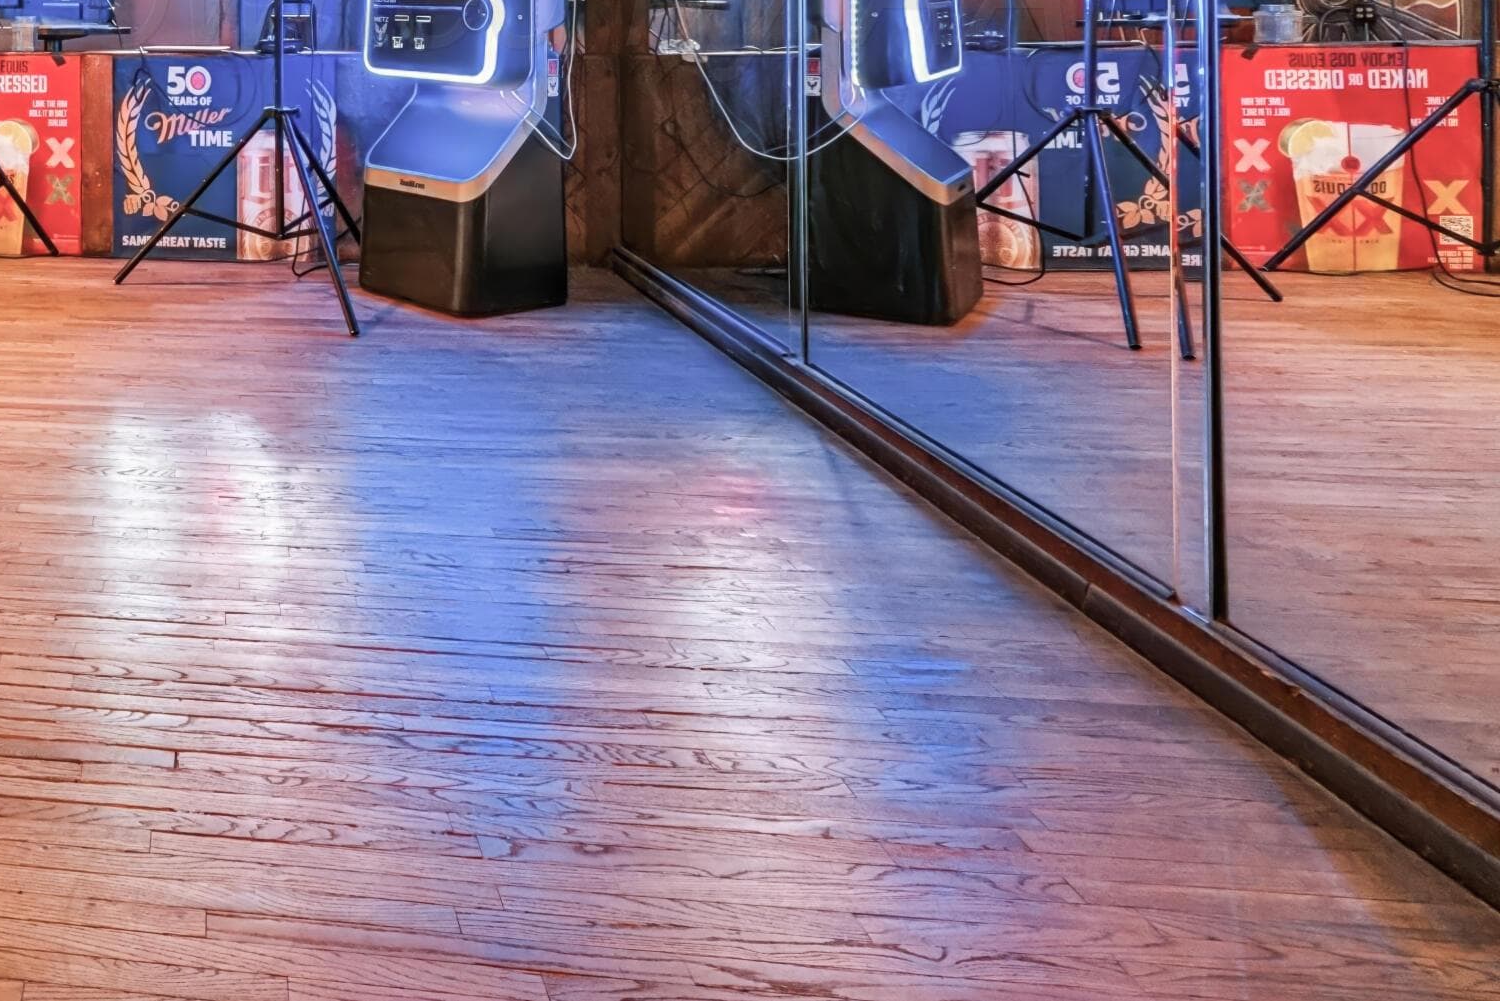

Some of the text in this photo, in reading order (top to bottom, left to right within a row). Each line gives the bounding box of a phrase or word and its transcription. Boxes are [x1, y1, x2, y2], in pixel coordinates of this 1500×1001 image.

[167, 65, 212, 96] 50
[168, 96, 213, 106] YEARS OF
[145, 107, 233, 144] Miller
[188, 130, 234, 147] TIME
[192, 236, 227, 249] TASTE

★ ★ ★

- Aim of the exercise
Write out each entry above once more, exactly as written, and drop the pictures.

- Response to the task
Some of the text in this photo, in reading order (top to bottom, left to right within a row). Each line gives the bounding box of a phrase or word and its transcription. Boxes are [x1, y1, x2, y2], in pixel coordinates of this 1500×1001 image.

[167, 65, 212, 96] 50
[168, 96, 213, 106] YEARS OF
[145, 107, 233, 144] Miller
[188, 130, 234, 147] TIME
[192, 236, 227, 249] TASTE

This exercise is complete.